Fernández Noroña, la vergüenza

Escrito por  Ginés Sánchez Sep 11, 2018

Machetazo a caballo de espadas”, se podría decir: hace unos días el que esto escribe bloqueó en la red social Twitter al flamante diputado Gerardo Fernández Noroña, así como ha él hecho con cientos (¿ya miles?) de usuarios que no coinciden en la cosa más mínima con él.

Su labor en la anterior legislatura, en la que fue diputado, coincidente con la administración de Felipe Calderón fue, hay que decirlo, admirable; gracias a él la Cámara de Diputados y el Congreso de la Unión mismo se convirtieron en lo que deben ser: una caja de resonancia ante abusos, torpezas y horrores de aquel maldito sexenio de la muerte y la corrupción.
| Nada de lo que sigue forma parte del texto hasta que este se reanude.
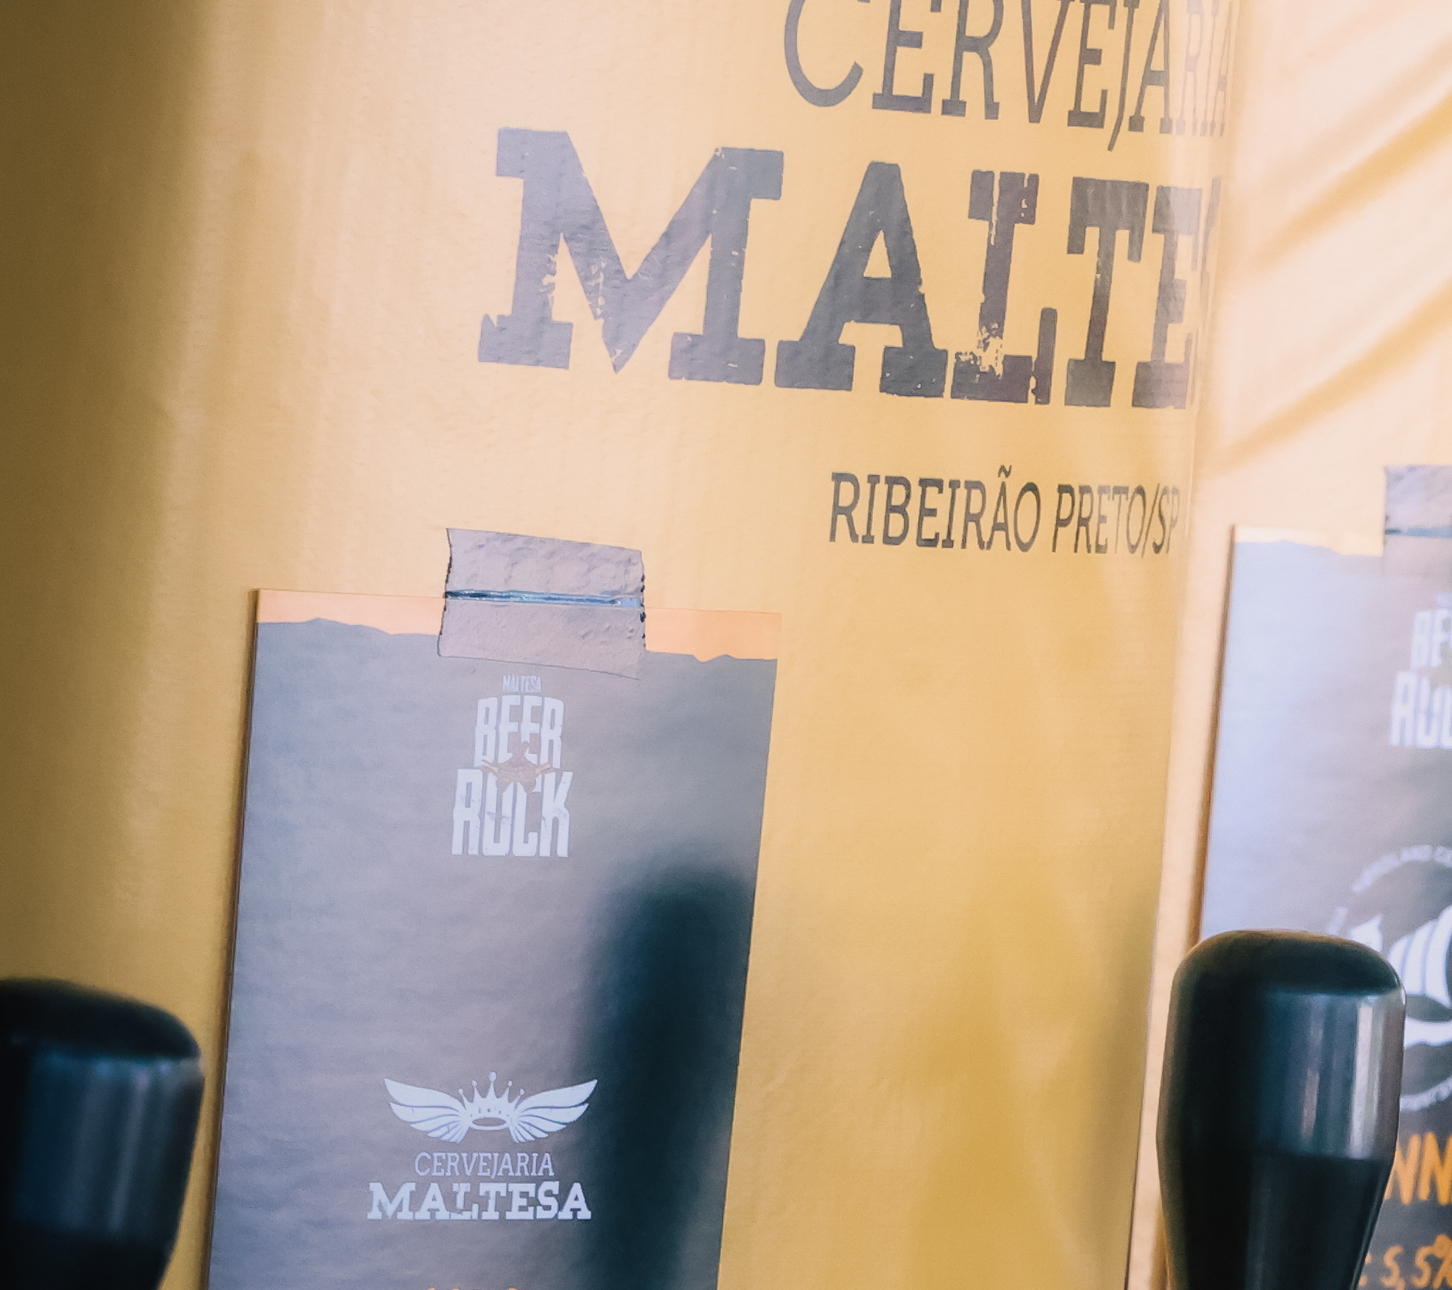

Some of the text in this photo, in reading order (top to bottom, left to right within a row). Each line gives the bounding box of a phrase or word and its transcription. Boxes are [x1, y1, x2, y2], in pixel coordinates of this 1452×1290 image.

[477, 127, 1221, 409] MALTE
[829, 465, 1041, 552] RIBEIRÃO
[474, 695, 564, 769] BEER
[367, 1182, 592, 1220] MALTESA
[414, 1152, 555, 1180] CERVEJARIA
Nunca se calló nada, en las comparecencias de los secretarios de Estado les espetó sus verdades en la cara, y en cuanto al Presidente, nos enteramos, por medio suyo, de una muy grave y supuesta afición del entonces primer mandatario por el alcohol, tanto así que se dice era la causa por la que no tenía agenda por las tardes.
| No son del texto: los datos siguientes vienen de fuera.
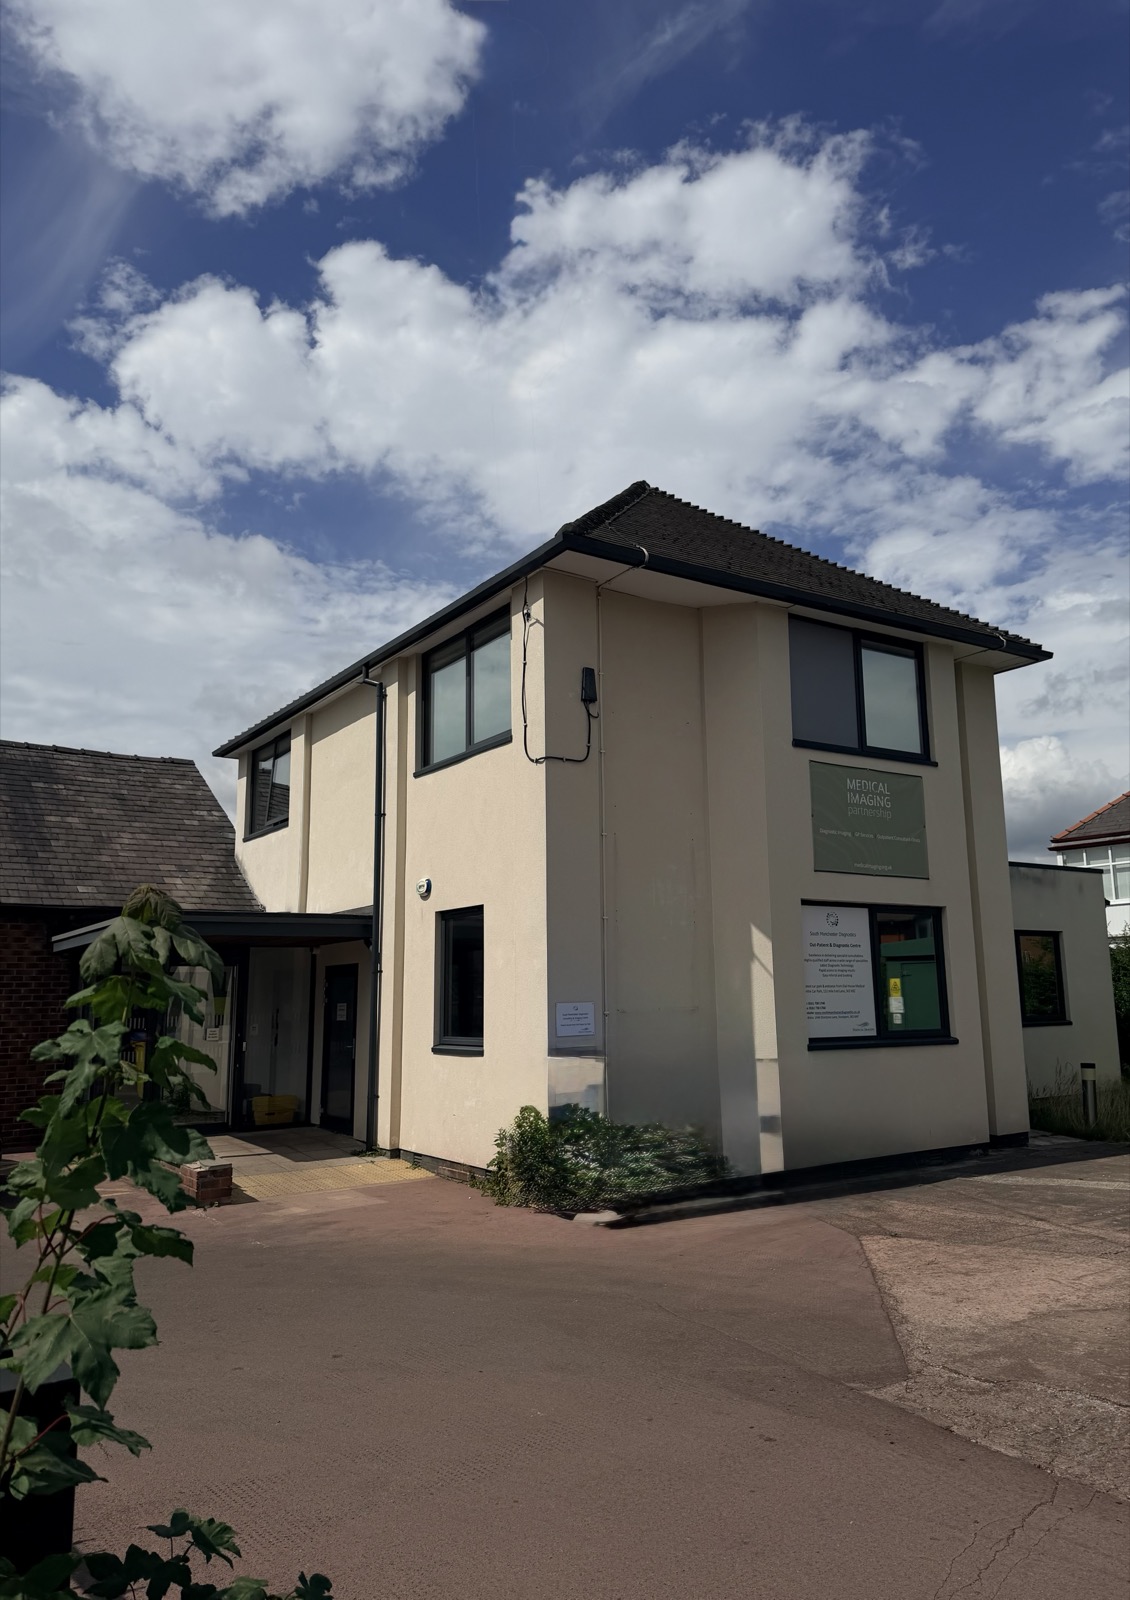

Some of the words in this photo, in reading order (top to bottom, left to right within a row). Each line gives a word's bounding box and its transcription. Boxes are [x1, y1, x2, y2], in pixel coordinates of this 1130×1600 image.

[847, 778, 890, 795] MEDICAL
[847, 792, 891, 808] IMAGING
[848, 806, 892, 821] partnership
Nunca se confirmó la especie, pero el solo hecho de la duda razonable no era poca cosa.

Como legislador opositor, y aun como personaje público sin cargo, un hombre valiente y comprometido. Incluso lo conozco personalmente; ambos escribimos para el portal de noticias en la Internet SDP Noticias, llegando a estar yo en su casa, en el Centro Histórico, cuando hace sus ventas de libros, muy concurridas y exitosas, por cierto.
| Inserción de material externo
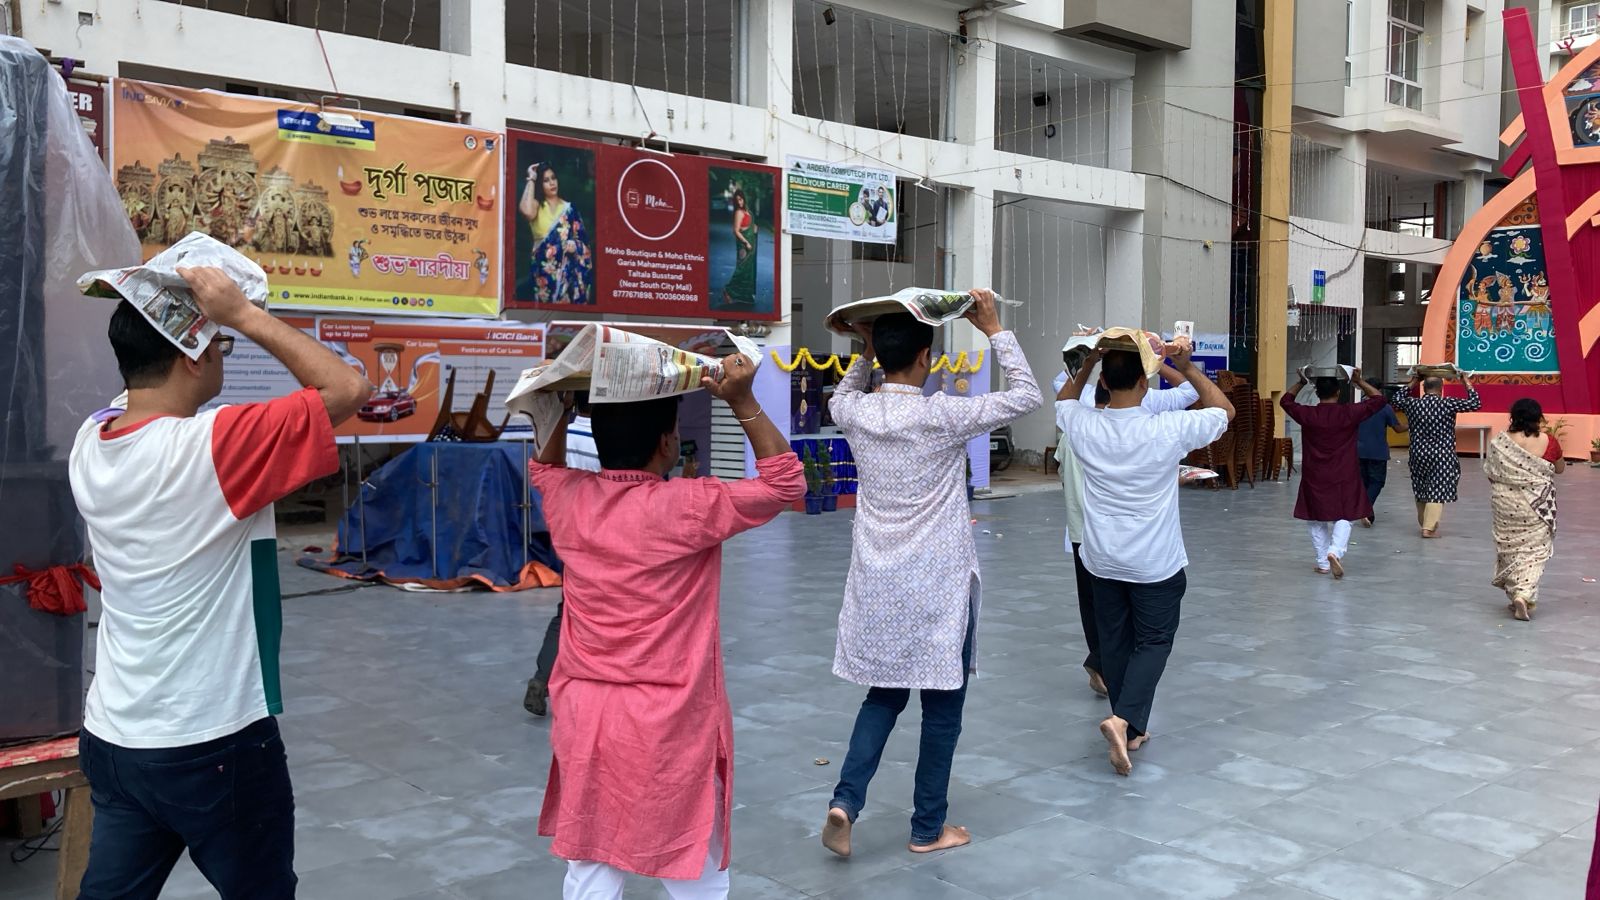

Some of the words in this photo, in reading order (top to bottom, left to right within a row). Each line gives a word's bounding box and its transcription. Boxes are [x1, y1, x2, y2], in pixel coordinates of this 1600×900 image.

En la actual legislatura es difícil encontrar a un representante popular tan leído, culto y conocedor de la historia de México y la dolorosa realidad nacional como él.

Pero una cosa es eso, y otra diametralmente opuesta es llegar al Congreso para convertirlo en un vulgar circo; sus acciones de hace unos días llenan de vergüenza al que las vea. Más aun: desafía a la autoridad y llega al paroxismo de faltarle al respeto a toda una institución como funcionario público, sin el cual y su impresionante trayectoria al servicio de México, la escabrosa y larga transición democrática mexicana sería inexplicable, como lo es Porfirio Muñoz Ledo, paradojicamente su compañero de bancada.

Y no sólo eso: en su cuenta de Twitter ya perdió el piso; sólo verlo en un video ofendiendo a un conductor del Metrobus en la Ciudad de México basta para dar cuenta de ello, una persona de la clase trabajadora a la que dice defender. Me causa repugnancia.

Entiendo ahora por qué usted, estimado lector, dificilmente verá fotos del multicitado personaje con Andrés Manuel López Obrador, presidente electo, y tampoco sube a los templetes, y no lo postulo Morena como candidato a diputado: el mandatario electo  sabe que el diputado puede convertirse en una piedra en el zapato, como de hecho ya empezó a serlo, y eso que López Obrador no es aún presidente de la República.

Ha empezado a dejar en mal al lopezobradorismo y a la izquierda, y tambien a dividir, yendo de paso, contra una de las grandes metas del sexenio que esta por comenzar, y que es pacificar y unir al país. Bastaría con mencionar que es admirador del criminal régimen de Nicolás Maduro para comprenderlo.

No se llega al Congreso a convertirlo en un circo mediático, y muchísimo menos sin una causa que lo ameritara. La trifulca en cuestión y el posterior choque en la Camara de los Diputados no sólo es por completo estéril, sino absurda, ridícula y grosera; a ser legislador no se aspira para hacer roqueseñales, ni para lanzar chistes y albures desde tribuna; se llega a trabajar incansablemente por su distrito, estado y México.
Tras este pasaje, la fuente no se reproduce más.